Let’s Talk Censorship

No nipples, no genitals, no butt cheeks, no pubic hair: The perfect human, according to the content restrictions on most social media platforms. Fortunately, I’ve had all of these surgically removed so not to offend anyone online.

giphy-1

All jokes aside, of course we can’t just have all of the “offensive” parts removed from our bodies, but we do go about our online lives mostly as thought bubbles, talking heads, or fully-clothed mannequins, particularly where we spend the majority of our time, like Facebook, YouTube, and Instagram. I suppose you could argue that online interactions only really require our minds, not our bodies, but the Internet, thanks the increasing prevalence of photo and video media, has become much more than a place to share text-only information. The Internet is a reflection of nearly every aspect of real-world life, from art galleries and marketplaces to community centers and libraries. If there is room on the Internet for every aspect of human life—the good, the bad, and everything in-between—then there must be room on the Internet for the human body.

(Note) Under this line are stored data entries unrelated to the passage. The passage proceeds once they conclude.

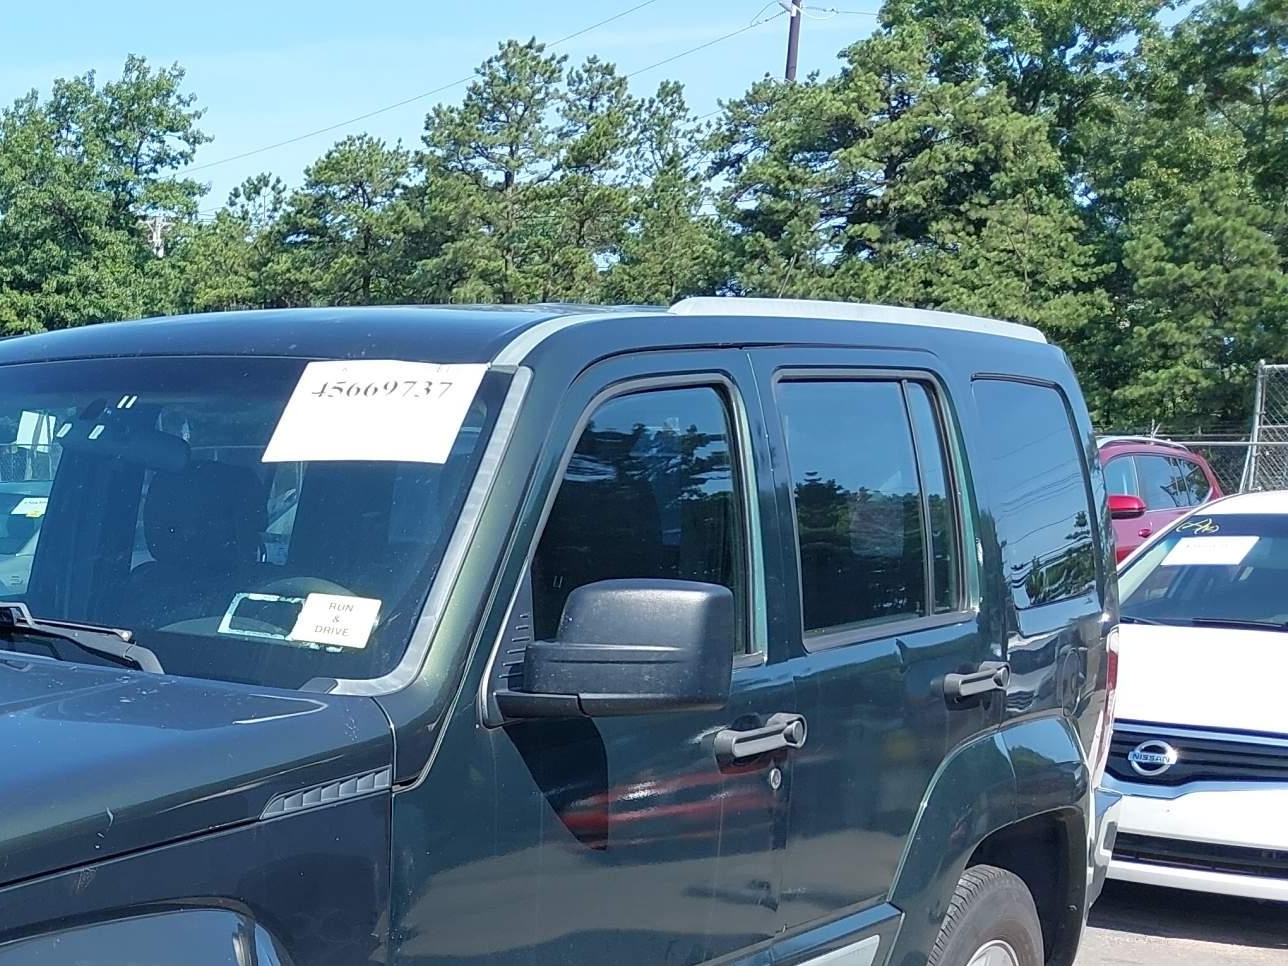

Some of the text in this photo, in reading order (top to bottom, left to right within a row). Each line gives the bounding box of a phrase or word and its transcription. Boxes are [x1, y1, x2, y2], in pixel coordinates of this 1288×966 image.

[311, 380, 454, 399] 45669737
[328, 601, 354, 612] RUN
[332, 615, 341, 624] &
[314, 625, 350, 636] DRIVE
[1131, 751, 1171, 763] NISSAN
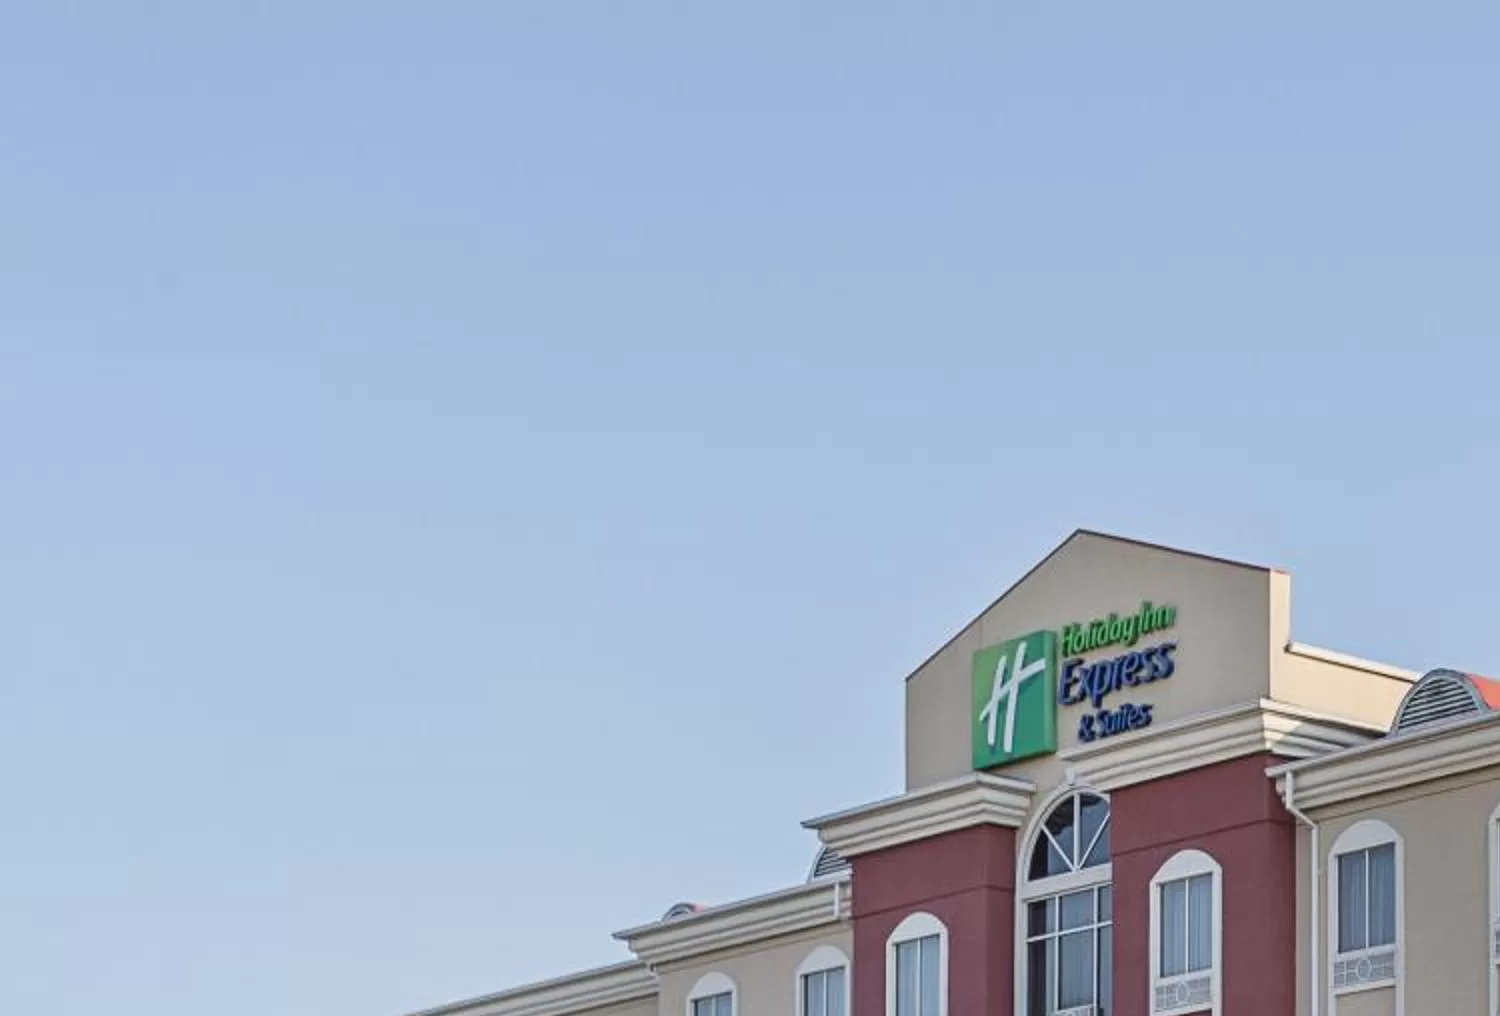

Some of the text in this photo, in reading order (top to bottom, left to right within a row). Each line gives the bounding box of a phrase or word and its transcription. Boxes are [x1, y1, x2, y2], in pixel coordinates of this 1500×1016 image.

[1061, 612, 1140, 657] Holiday
[1057, 640, 1178, 708] Express
[1078, 702, 1155, 744] & Suites
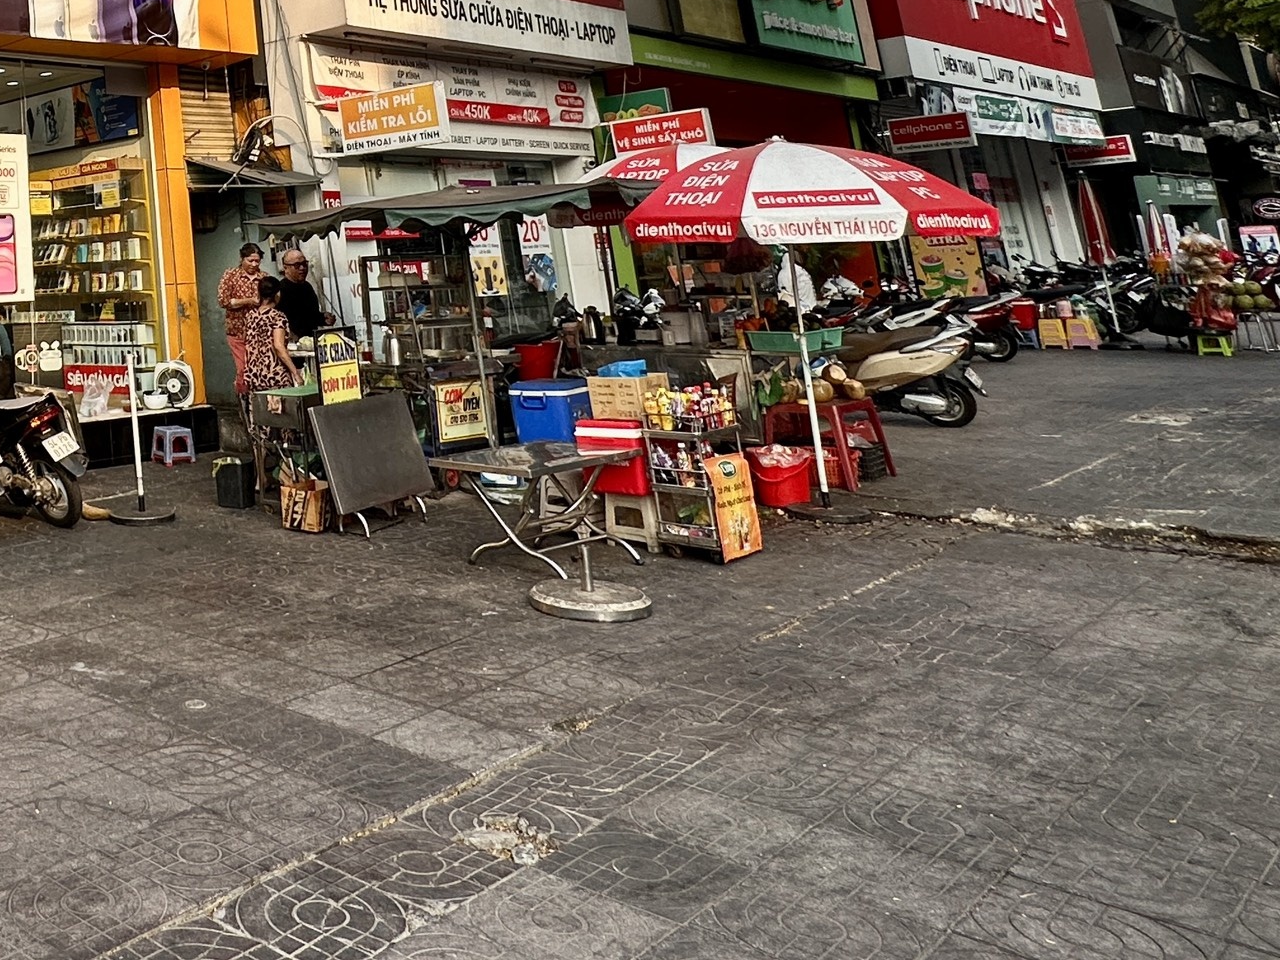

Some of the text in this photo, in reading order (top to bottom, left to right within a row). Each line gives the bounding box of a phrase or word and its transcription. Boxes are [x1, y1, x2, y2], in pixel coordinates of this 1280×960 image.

To an extent, there already is room for the human body on the Internet. We do have Twitter and MeWe, after all, along with TrueNudists and myriad forums, resources, and pages. Isn’t that enough? No, I don’t think so. Being relegated to the darkest corners of the Internet isn’t quite what we had in mind. One of the wonderful things about the Internet is that there is virtually no limit to how we can use it and what we can share on it. The limitations imposed by individual websites, media providers, and social media platforms only exist within the confines of those sites, and I don’t disagree that they should have the right to decide what is and is not allowed there, especially if they are catering to a specific group. But what happens when a single social media platform like Facebook becomes so ubiquitous, so unavoidable, that it becomes synonymous with social media itself? What happens when one social media platform becomes the preferred space to keep in touch with loved ones, friends, and acquaintances both new and old? Does that platform still have the right to dictate what can be shared?

There is an important distinction here between spaces that are created with a specific group in mind and spaces that are created to be shared by everyone, and this applies to the real world just as it does to the Internet. Online and offline, we have special spaces set aside for religious groups, advocacy groups, people who share special interests and hobbies, people within certain age ranges or who have certain professions. And that’s great. Nudists have these spaces as well. So, wonderful, but what about Facebook, right? Does human nudity have the right to exist on Facebook? In the real world, nudity tends to be criminalized in public spaces, so the strongest case against allowing nudity on Facebook, I suppose, is that we already have a precedent in the real world for restricting nudity in common areas so that nobody sees anything they don’t want to see—the park doesn’t have content filters, so there are rules. But Facebook is not just one giant common area: Facebook is a collection of private spaces shared between consenting individuals, making it more like a gated community than a public park. When we share something on Facebook, we are able to choose who amongst our contacts can see that content or whether it is visible to the whole world. We can also decide whether we want to see the content that our contacts are sharing or if we would rather not. This, to me, is much more akin to inviting friends or family into your home and deciding what you want to share with them while they are there. Do you take down the photos from when you visited the nude beach earlier this summer? Do you put away everything political? Do you shove the dirty magazines back under your mattress? Do you change what you’re wearing or fix your hair?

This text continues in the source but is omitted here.